Tinchy Stryder interview

Tinchy Stryder tells us about music and fame and working with Alicia Keys

Interview

The British grime star, who stormed the UK charts in 2009 with debut single ‘Take Me Back’, tells us about music, fame and working with Alicia Keys.

You’ve just gone into business with Jay-Z…
Yeah, it’s like a joint venture. The labels Roc Nation and Takeover Entertainment have come together to find new talent and give them new opportunities. And away from that, we’re working together on what they bring through. Them things only work when it’s more like a family and it’s not just strictly business. We go over there quite a bit, and when they come over here, we’re all cool, so that’s the main thing.

So you could say you’re like his apprentice – after all, Jay-Z had a similar start as an artist, label boss and clothing magnate.
Yeah, man. I guess with the clothing and stuff there are similarities from when he started, so it makes sense.

Has he given you any good advice?
Yeah, you know what, when I met him we were just generally speaking, and it wasn’t just all business. We were just chilling and talking. But I guess when he’s speaking, the slightest things are advice, even without him trying to sound like someone who’s giving advice. Just in a general conversation you can get the vibe off him, man. The good thing about it when I met him was how he comes across in the music: he’s just the same. So you can tell he’s just real, he’s not fronting.

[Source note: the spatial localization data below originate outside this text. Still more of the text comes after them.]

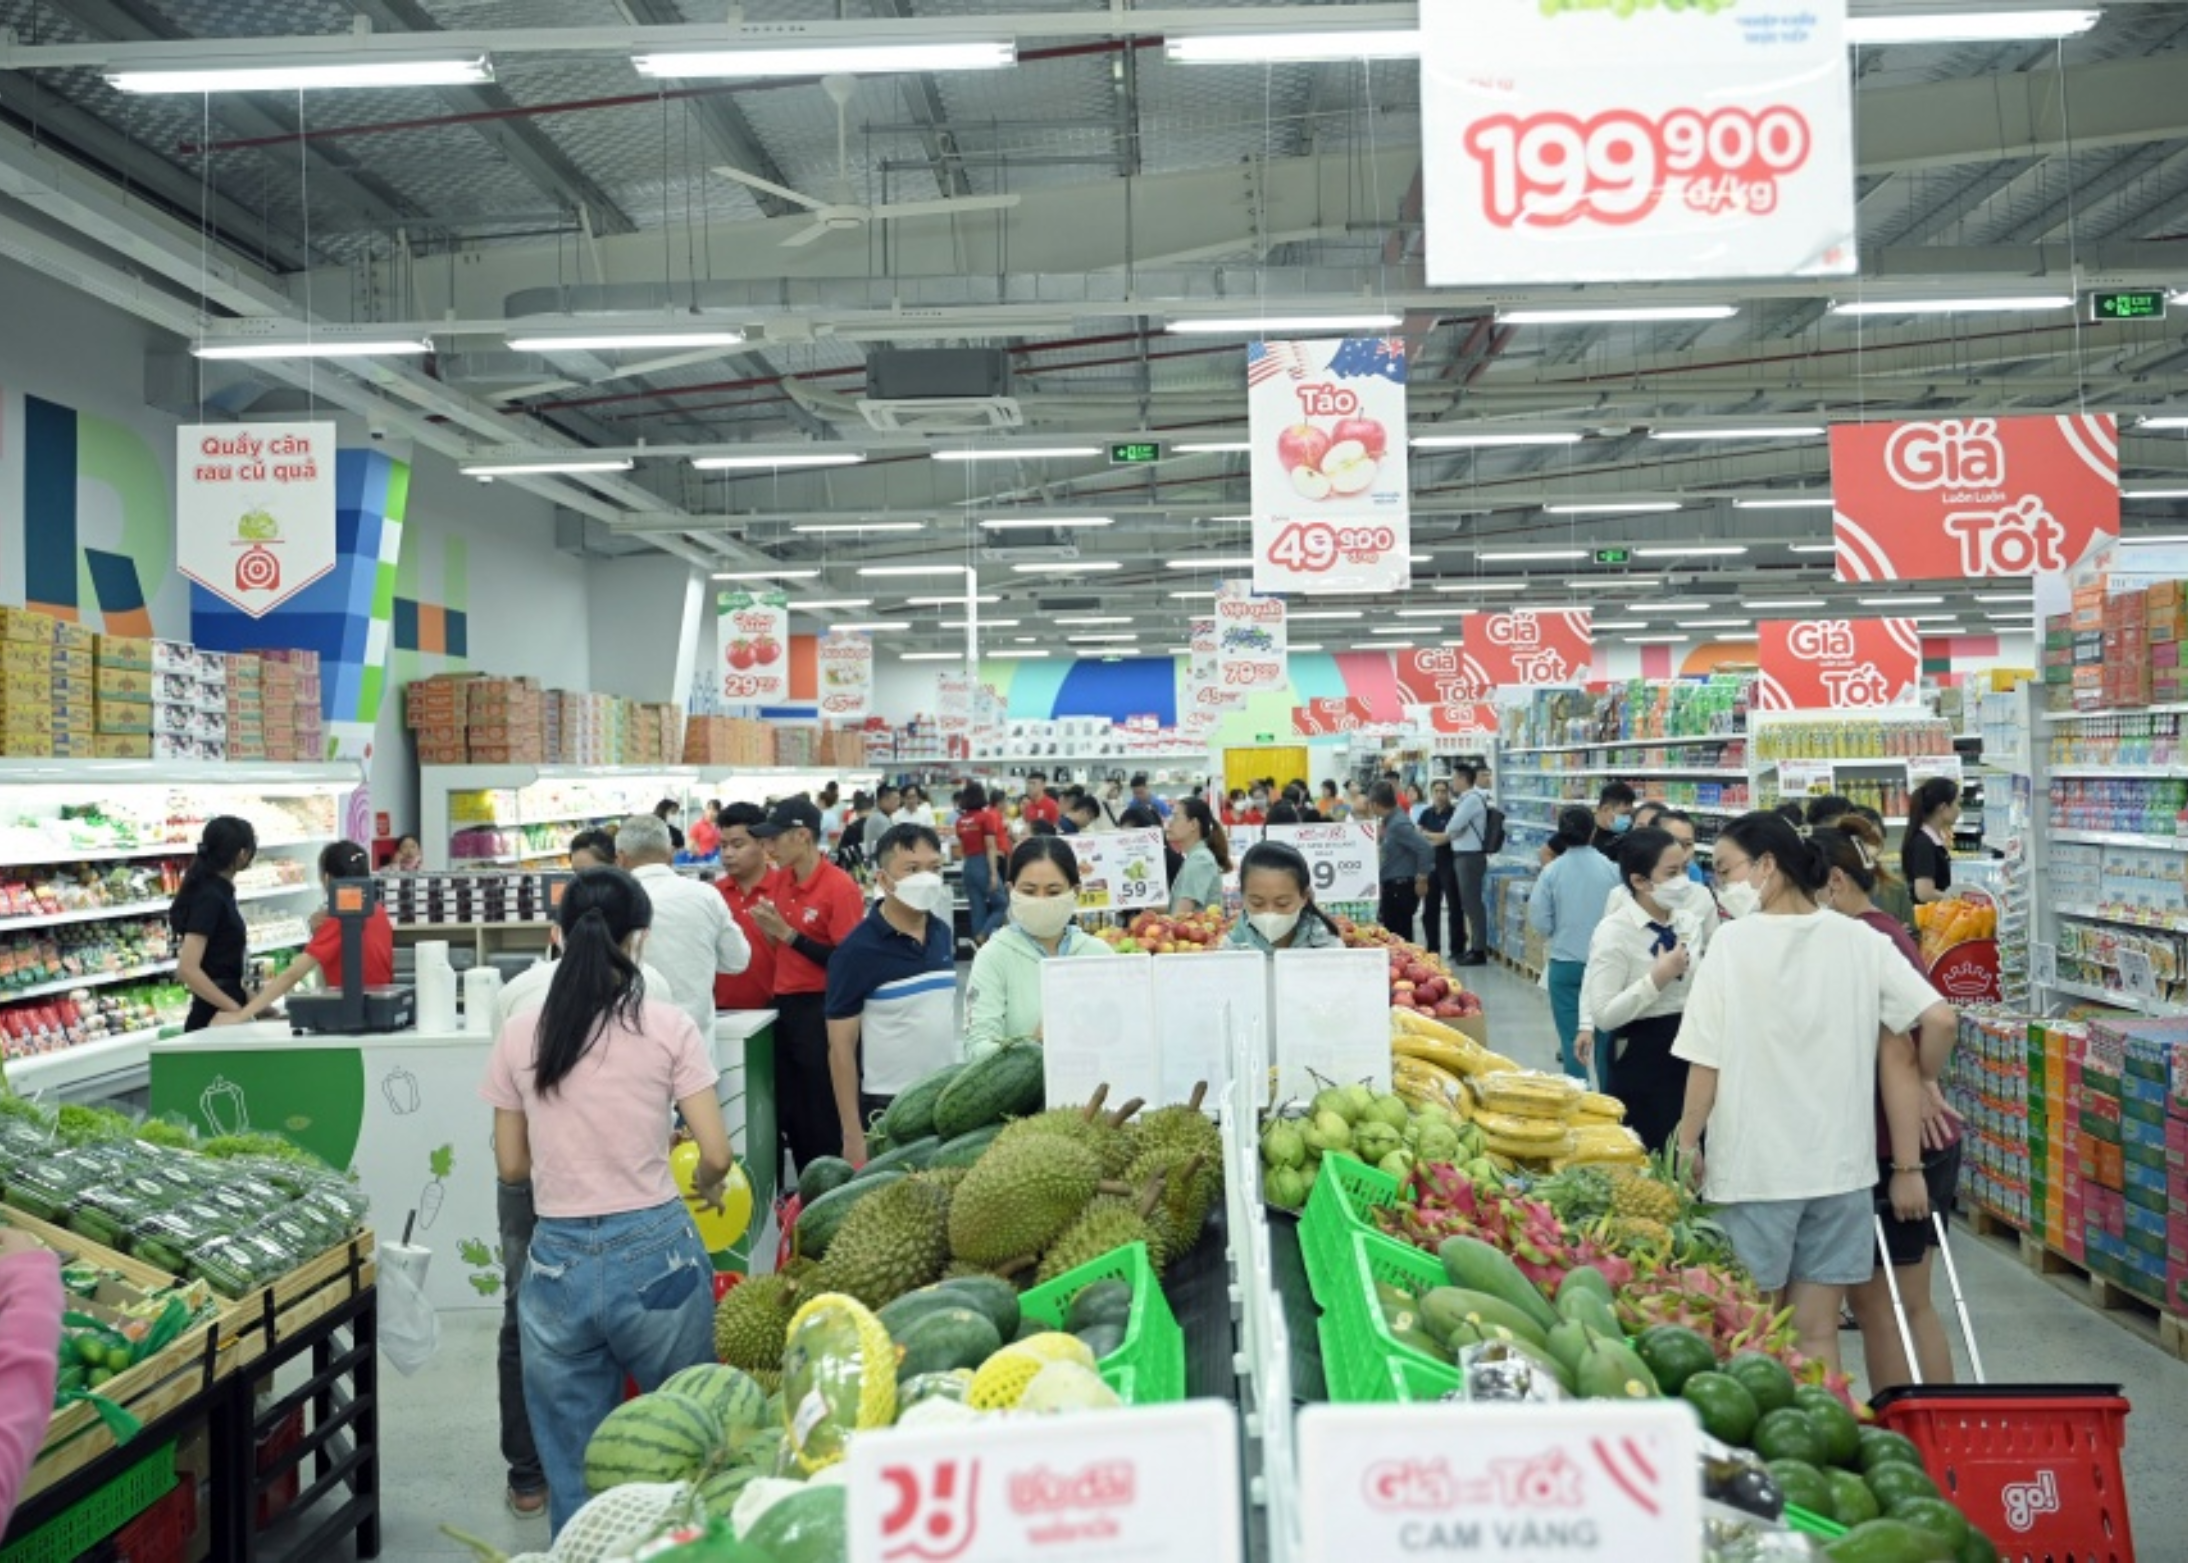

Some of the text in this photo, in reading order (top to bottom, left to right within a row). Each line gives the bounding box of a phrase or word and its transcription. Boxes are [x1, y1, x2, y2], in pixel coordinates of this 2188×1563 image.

[1465, 106, 1811, 227] 199 900
[1297, 383, 1357, 417] Táo
[196, 465, 232, 480] rau
[1884, 417, 2005, 491] Giá
[1268, 522, 1338, 573] 49
[1943, 495, 2067, 577] Tốt
[1485, 611, 1540, 645] Giá
[1787, 619, 1855, 660] Giá
[1414, 647, 1457, 673] Giá
[1511, 647, 1567, 684] Tốt
[1435, 675, 1479, 702] Tốt
[1819, 661, 1889, 708] Tốt
[1122, 881, 1147, 898] 59
[2001, 1469, 2060, 1533] go!
[1400, 1521, 1482, 1551] CAM

The grime genre has a culture of nurturing new talent that you don’t get in many other places – it seems like a supportive scene.
‘It’s healthy competition. There’s always jealousy, I guess, and that’s normal – we’re human, everyone has a bit of that. But that’s what keeps it all going. When I started it was called garage, and there was a vibe where it always had something special about it. When I was younger, there was always a buzz and you just wanna do that thing, so that’s why it’s growing. People are always doing something just to be heard.

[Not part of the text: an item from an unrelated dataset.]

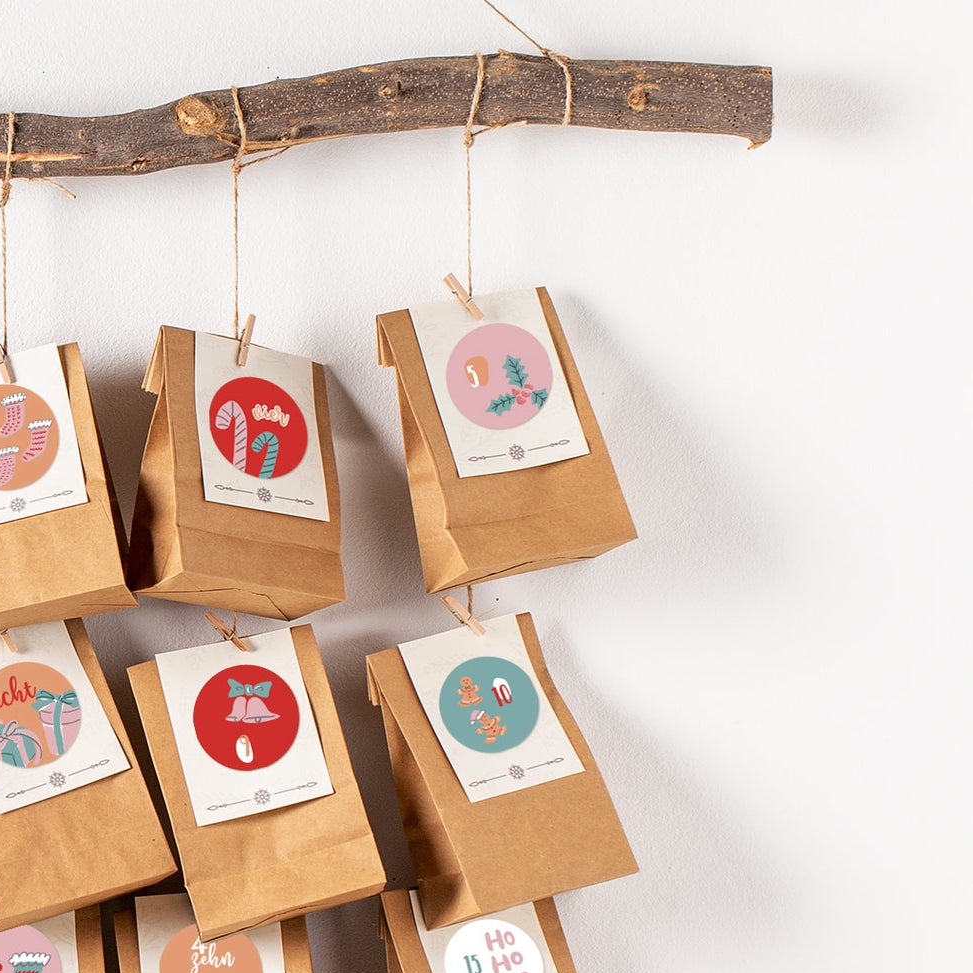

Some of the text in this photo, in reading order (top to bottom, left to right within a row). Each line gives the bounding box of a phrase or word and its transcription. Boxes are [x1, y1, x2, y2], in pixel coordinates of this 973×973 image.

[466, 365, 480, 388] 5
[252, 404, 290, 427] vier
[491, 684, 512, 707] 10

It must be rewarding to see your generation break through…
Yeah, it feels good. People always say, ‘Patience man, enough patience.’ I understand why, because sometimes it feels as if everything’s taking forever, but time heals everything, man; you’ve just gotta pace yourself.’

Speaking of which, you’re finishing your new album. How’s it going?
‘It’s going good, man. But I never feel like it’s done – every day you think of something new you wanna record, so I’m just gonna keep recording. But it’s sounding good. You can hear the growth – musically, lyrically, concepts of what I’m speaking about, everything’s just grown, so I’m excited about it.’

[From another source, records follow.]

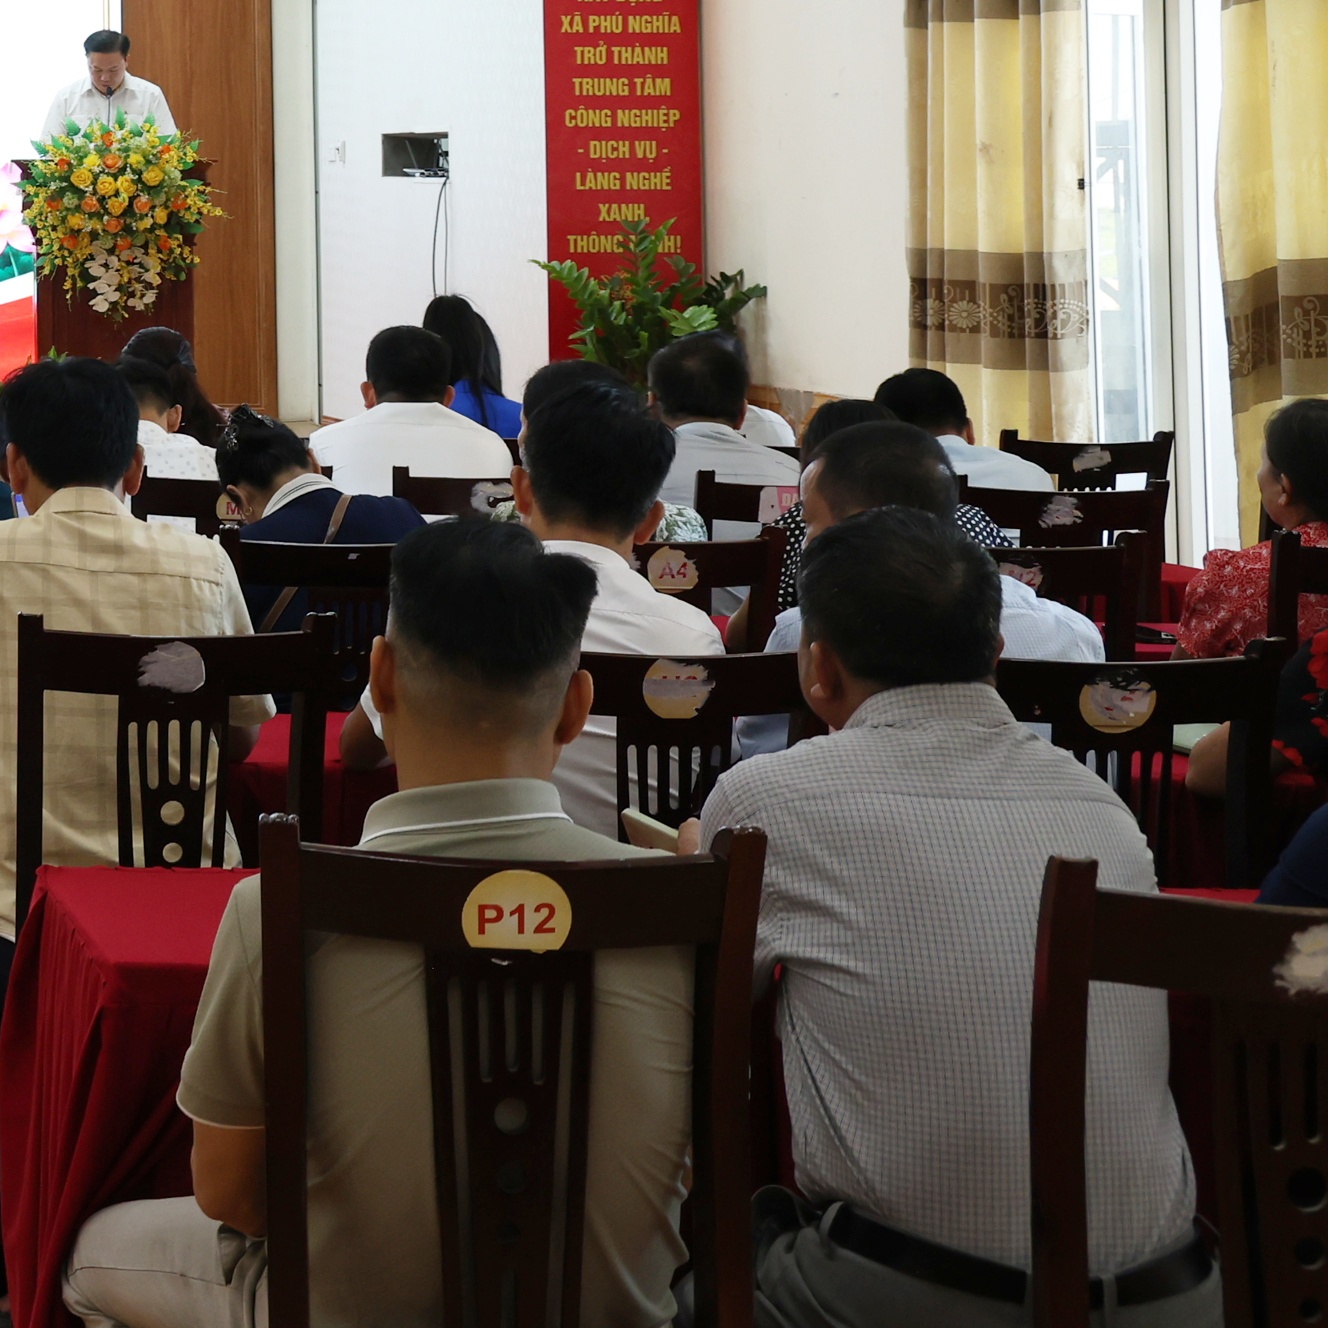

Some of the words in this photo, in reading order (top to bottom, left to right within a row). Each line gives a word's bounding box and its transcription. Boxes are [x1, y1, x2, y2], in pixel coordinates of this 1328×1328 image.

[561, 12, 583, 32] XÃ
[589, 12, 622, 33] PHÚ
[628, 12, 680, 33] NGHĨA
[575, 41, 607, 64] TRỞ
[612, 43, 668, 64] THÀNH
[573, 78, 629, 95] TRUNG
[634, 75, 670, 95] TÂM
[566, 106, 611, 127] CÔNG
[617, 106, 680, 131] NGHIỆP
[590, 141, 629, 162] DỊCH
[635, 141, 656, 162] VỤ
[576, 168, 620, 189] LÀNG
[599, 204, 649, 223] XANH,
[568, 232, 625, 253] THÔNG
[478, 902, 556, 935] P12

You’ve been performing for a long time. Were you prepared for fame, or did it still take you by surprise?
‘I could never say I was prepared! Especially how it happened, ’cos it just started happening quite quick. So I just took it in my stride. I just thought: “Yeah, this is what comes with it.” There’s parts you enjoy. I could never say every single part of it is fun, ’cause there are hard parts where sometimes it gets a bit too much, but that’s what you wanted, so you have to enjoy it. I just try to be me; that’s the easiest thing you can do. Be yourself.’

You must have had a good time at Alicia Keys’s Black Ball, because in November you’re performing a benefit gig to support her Keep a Child Alive charity.
‘I went to the event and saw everything: the money was all going to the charity, and I heard what the whole cause was about, helping people in Africa. Alicia Keys is really cool – you might think some people are just doing it for the sake of it, but you can tell she’s really into it. She actually believes in what she’s saying. So I thought if I can help in one way and put on a show, that’s my way, man. Just the feeling that you get – I would never wanna do something just for the sake of people thinking, ‘Oh, he’s doing it just to look good.’ It’s just to know inside myself how I’ve helped.’